A merchant cash advance uses your card terminal to ‘secure’ lending and get cash fast. You don’t need to have valuable assets but you do need a good volume of card transactions every month. The lender takes payments as a proportion of your revenue. This means that when things are going well, you pay more back each month, but if your business is going through a lean period you pay a smaller amount.

With a merchant cash advance, the lender works directly with your terminal provider (i.e. the company that processes transactions for you) so they can see how much money is flowing through your business. That means that unlike other types of lending, the lender does not need to carry out credit checks or scrutinise your accounts.

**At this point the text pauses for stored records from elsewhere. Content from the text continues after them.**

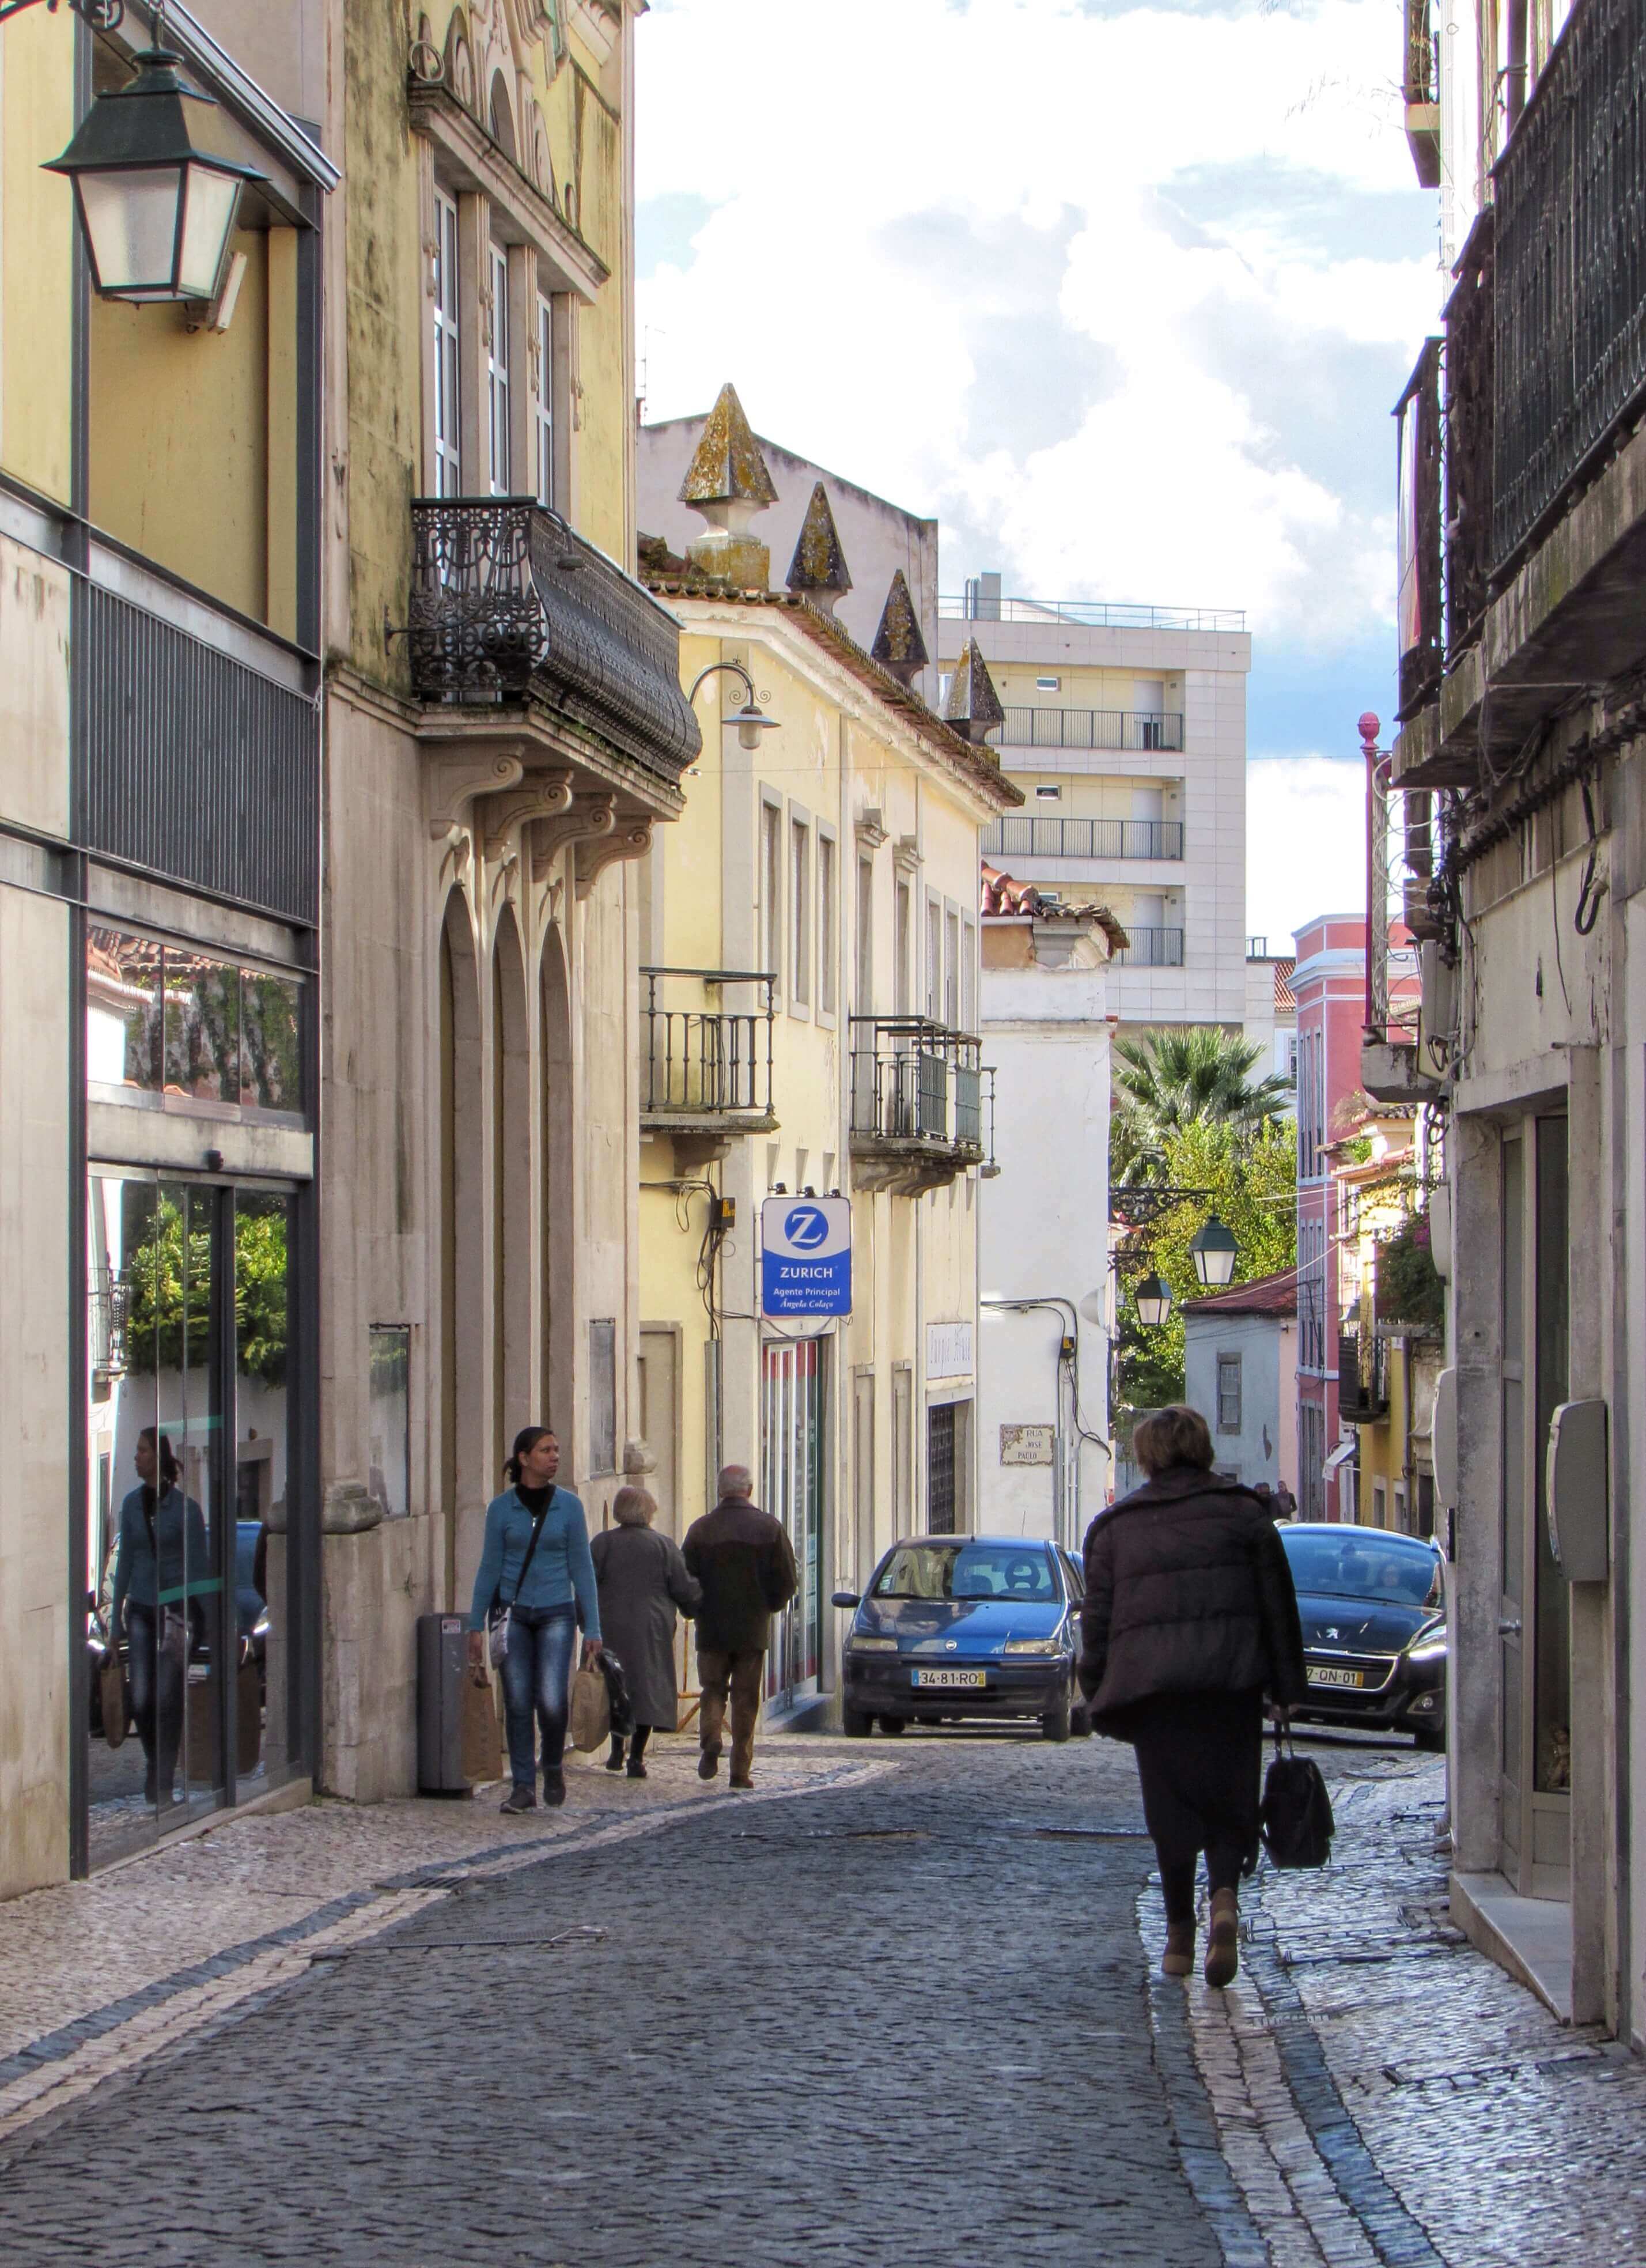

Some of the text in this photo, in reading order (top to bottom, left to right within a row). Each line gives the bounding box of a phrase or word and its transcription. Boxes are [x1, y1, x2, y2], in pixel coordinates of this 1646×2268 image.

[789, 1214, 822, 1243] Z
[780, 1267, 833, 1278] ZURICH
[773, 1287, 840, 1297] Agente Principal
[809, 1300, 834, 1309] Colaço
[1018, 1451, 1037, 1460] PAULO
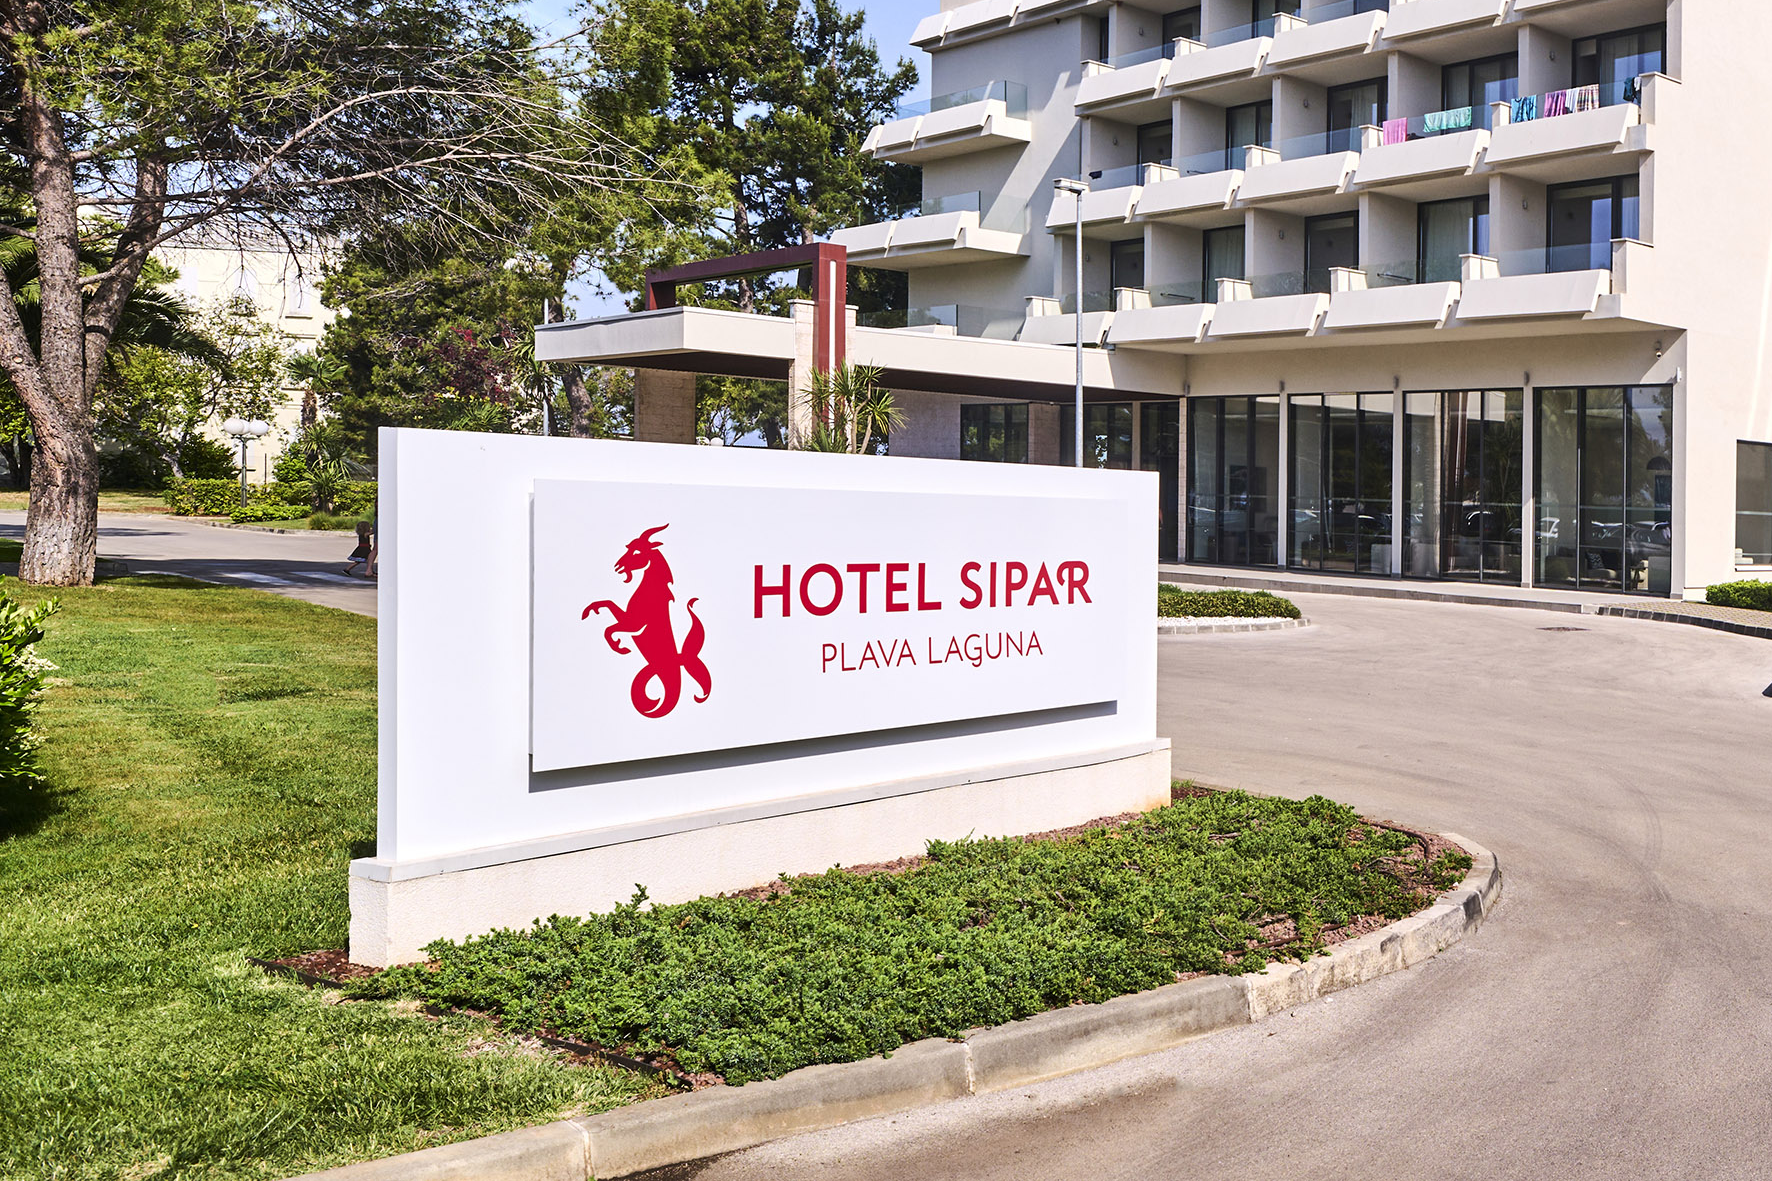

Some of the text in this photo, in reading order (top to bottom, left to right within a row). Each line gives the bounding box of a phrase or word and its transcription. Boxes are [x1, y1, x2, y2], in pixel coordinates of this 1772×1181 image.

[754, 560, 1093, 618] HOTEL SIPAR
[822, 630, 1044, 673] PLAVA LAGUNA

The percentage the lender takes for repayments is never in your business’s bank account, but instead is ‘taken at source’ – in the same way that most people pay income tax.

Factor rate

The total cost of a merchant cash advance (i.e. the amount you pay back to the lender) depends on the factor rate. This is a decimal figure (not a percentage) used to calculate how much the advance will cost you. For example, if you borrowed $10,000 at a factor rate of 1.2 for a 12-month term, you’d pay back a total of $12,000. The calculation is simply $10,000 x 1.2, which gives you $12,000.

Although this calculation looks like it’s based on a percentage rate of 0.2%, it’s not! With an merchant cash advance all of the interest is charged to the principal when you take out the advance. This is the key difference between factor rates and interest rates. It’s why the merchant cash advance isn’t priced using APR – APR is used for financing where interest accrues on the principal loan amount, which will get smaller and smaller as you make successive payments.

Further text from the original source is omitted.